29) Job Action Successful
August 31st, 2006
Today’s action of rocking the boat a little was designed to send a message to the captains in charge of the boat that the people manning the oars are unhappy. The captains may not have known this before. Unless you are actually sitting at the negotiations table, you don’t really know what is going on and that is true for management as well as the workers. Joe could be telling the Board that everything is going well. I am sure he wants to look like he knows what he is doing and that he has things under control. I hope that this gentle rocking is enough to attract attention and to get a reasonable offer for the people manning the oars. Unfortunately, in NJ we can not legally strike, but we can rock harder if necessary.
Very few full-time faculty attended today’s in-service workshops. The Culinary Faculty felt they had to attend because it was a contractual day, but all of them wore large red buttons that said “Settle Now!” One culinary faculty felt slighted that there was no mention of the Academy of Culinary Arts’ silver anniversary. The Academy is celebrating Twenty-five years of successfully graduating skilled workers for the hospitality industry of Atlantic and Cape May Counties.
The Department of Labor has a web site of consumer price indexes. http://www.dol.gov It would take weeks to read all the information on the site and it is only an approximation of the increase in living costs. If, however, you know what has been happening to the price of energy, houses, text books, and medicine, you know it is getting more expensive to live.
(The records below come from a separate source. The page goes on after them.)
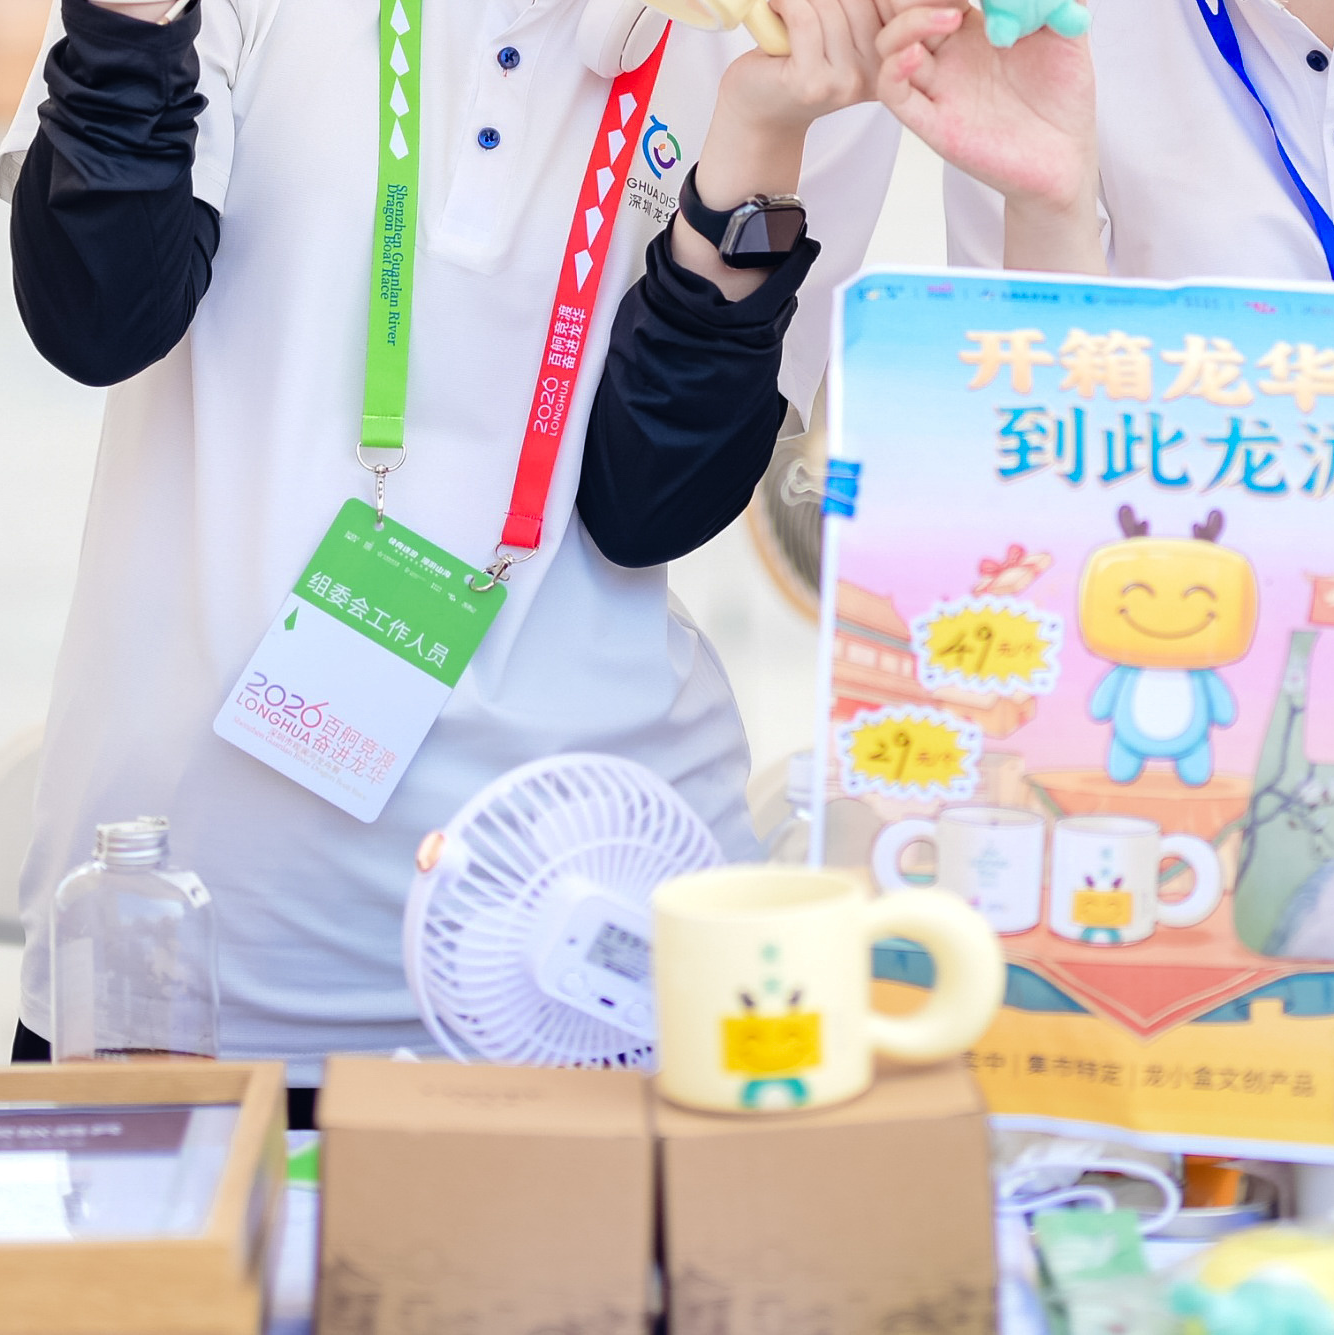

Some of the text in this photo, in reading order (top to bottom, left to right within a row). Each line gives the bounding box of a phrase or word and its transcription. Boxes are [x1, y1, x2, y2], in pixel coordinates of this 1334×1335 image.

[659, 193, 680, 209] DIS
[380, 183, 399, 300] Dragon Boat Race
[386, 184, 408, 346] Shenzhen Guanlan River
[547, 304, 573, 366] 百舸竞渡
[561, 307, 587, 370] 奋进龙华
[533, 376, 559, 434] 2026
[548, 379, 571, 437] LONGHUA
[305, 570, 451, 670] 组委会工作人员
[235, 691, 311, 745] LONGHUA
[245, 671, 329, 729] 2026
[311, 732, 387, 785] 奋进龙华
[321, 713, 398, 770] 百舸竞渡
[1143, 1064, 1315, 1098] 龙小盒文创产品
The adjusted CPI for urban and clerical workers in the Philadelphia-Wilmington-Atlantic City area for 2005 was 4.1 percent and for the first half of this year was 4.3 percent and going up. The articles I have read state that the trend of increasing CPI will continue and the next year will be 5 something. A four or five percent raise may allow you to continue treading water, but definitely will not allow you to change your lifestyle. In any event, the offers that were on the table yesterday for support staff were 2.0 and 2.5. I don’t remember the details, but they do not matter because you would never vote to accept that percentage anyway. In addition, I faint when I see my own blood.